The Secretarial Auditors Report for 2023 does not contain any qualification, reservation, or adverse remark. The Secretarial Auditors Report is enclosed as Annexure III to the Boards report, which forms part of this Integrated Annual Report.

Statutory Auditors

Pursuant to the provisions of the Section 139 of the Act and the Rules made, M/s.
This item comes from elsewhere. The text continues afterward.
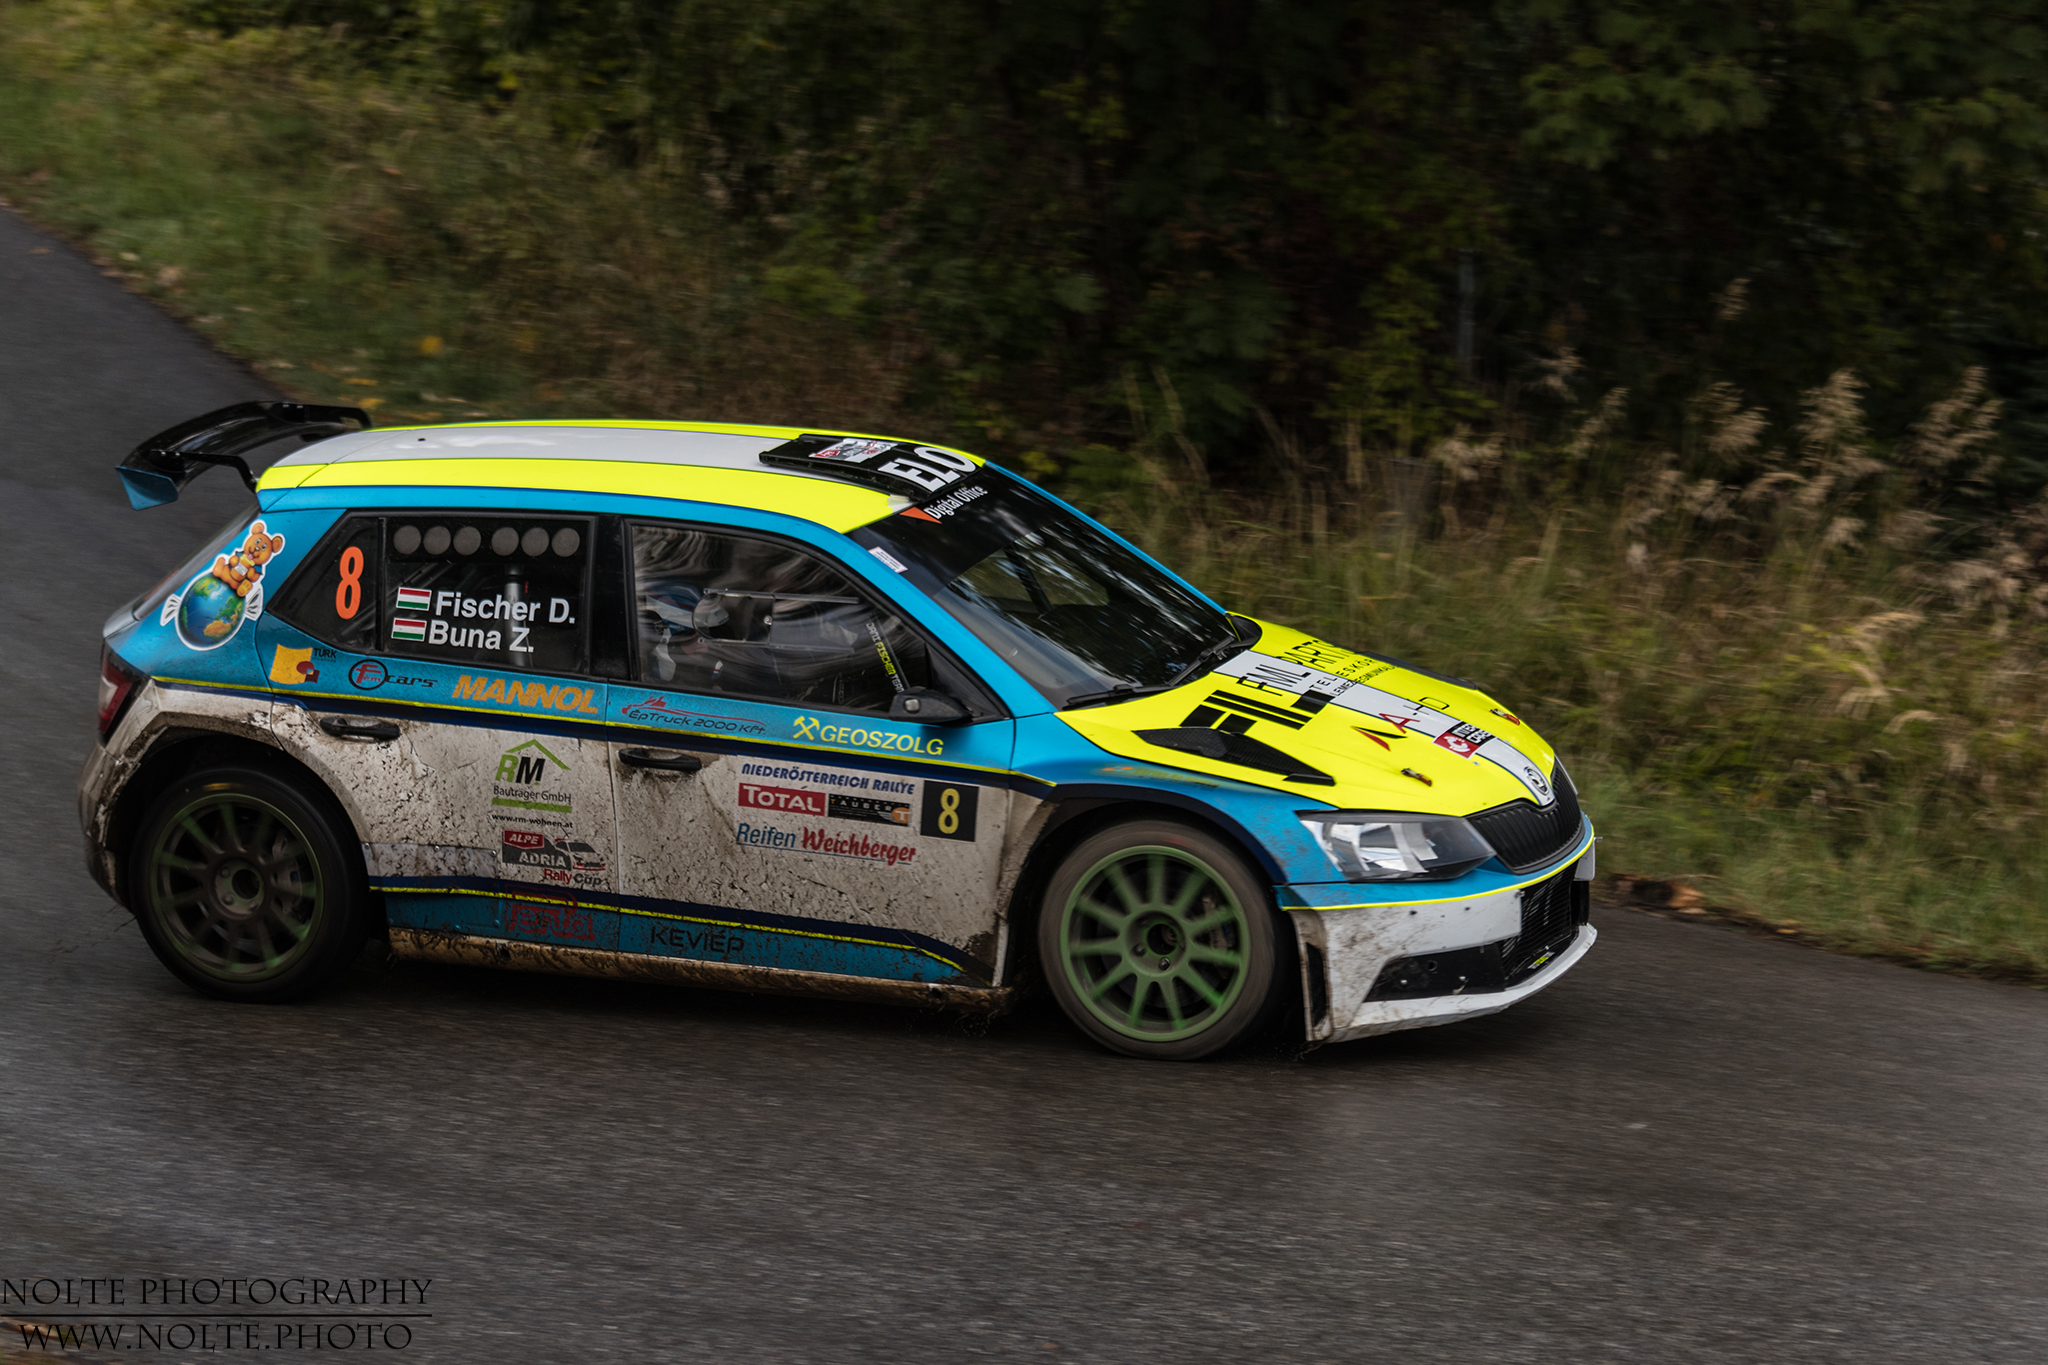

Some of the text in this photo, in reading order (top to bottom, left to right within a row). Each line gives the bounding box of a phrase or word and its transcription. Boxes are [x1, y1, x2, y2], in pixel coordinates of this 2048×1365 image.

G.P. Sharma & Company, LLP, Chartered Accountants were appointed as Statutory Auditor for a period of 1 (one) year, i.e., FY 2022-2023. The appointment and remuneration of Statutory Auditor has been duly approved by the Board and the lenders.

Cost Auditors

Since the Company is not falling under the threshold limit of Cost Audit, hence, Cost Audit is not applicable for the financial year 2022-2023.

Secretarial Auditors

Pursuant to provisions of Section 204 of the Act read with the Companies (Appointment and Remuneration of Managerial Personnel) Rules, 2014, the Company has re-appointed M/s. Sandeep Dubey & Associates as the Secretarial Auditor of the Company for the year ended March 31, 2023. The Secretarial Audit Report furnished by M/s. Sandeep Dubey & Associates for the financial year 2023 is annexed as Annexure III to this report. The Secretarial Audit Report furnished by M/s. Sandeep Dubey & Associates contains some observations that are self-explanatory and need no further comments.

EXTRACT OF ANNUAL RETURN

The Extract of Annual Return for the F.Y. 2022-2023 is available on the Companys Website i.e. www.jyotistructures.in.

FIXED DEPOSITS

During the year, Company has neither accepted nor renewed any new fixed deposits.

PARTICULARS OF LOANS, GUARANTEES OR INVESTMENTS

Details of loans, guarantees or investments covered under the provisions of Section 186 of the Act are given in notes to the standalone financial statements forming part of the Annual Report.

TRANSFER TO INVESTOR EDUCATION & PROTECTION FUND (IEPF)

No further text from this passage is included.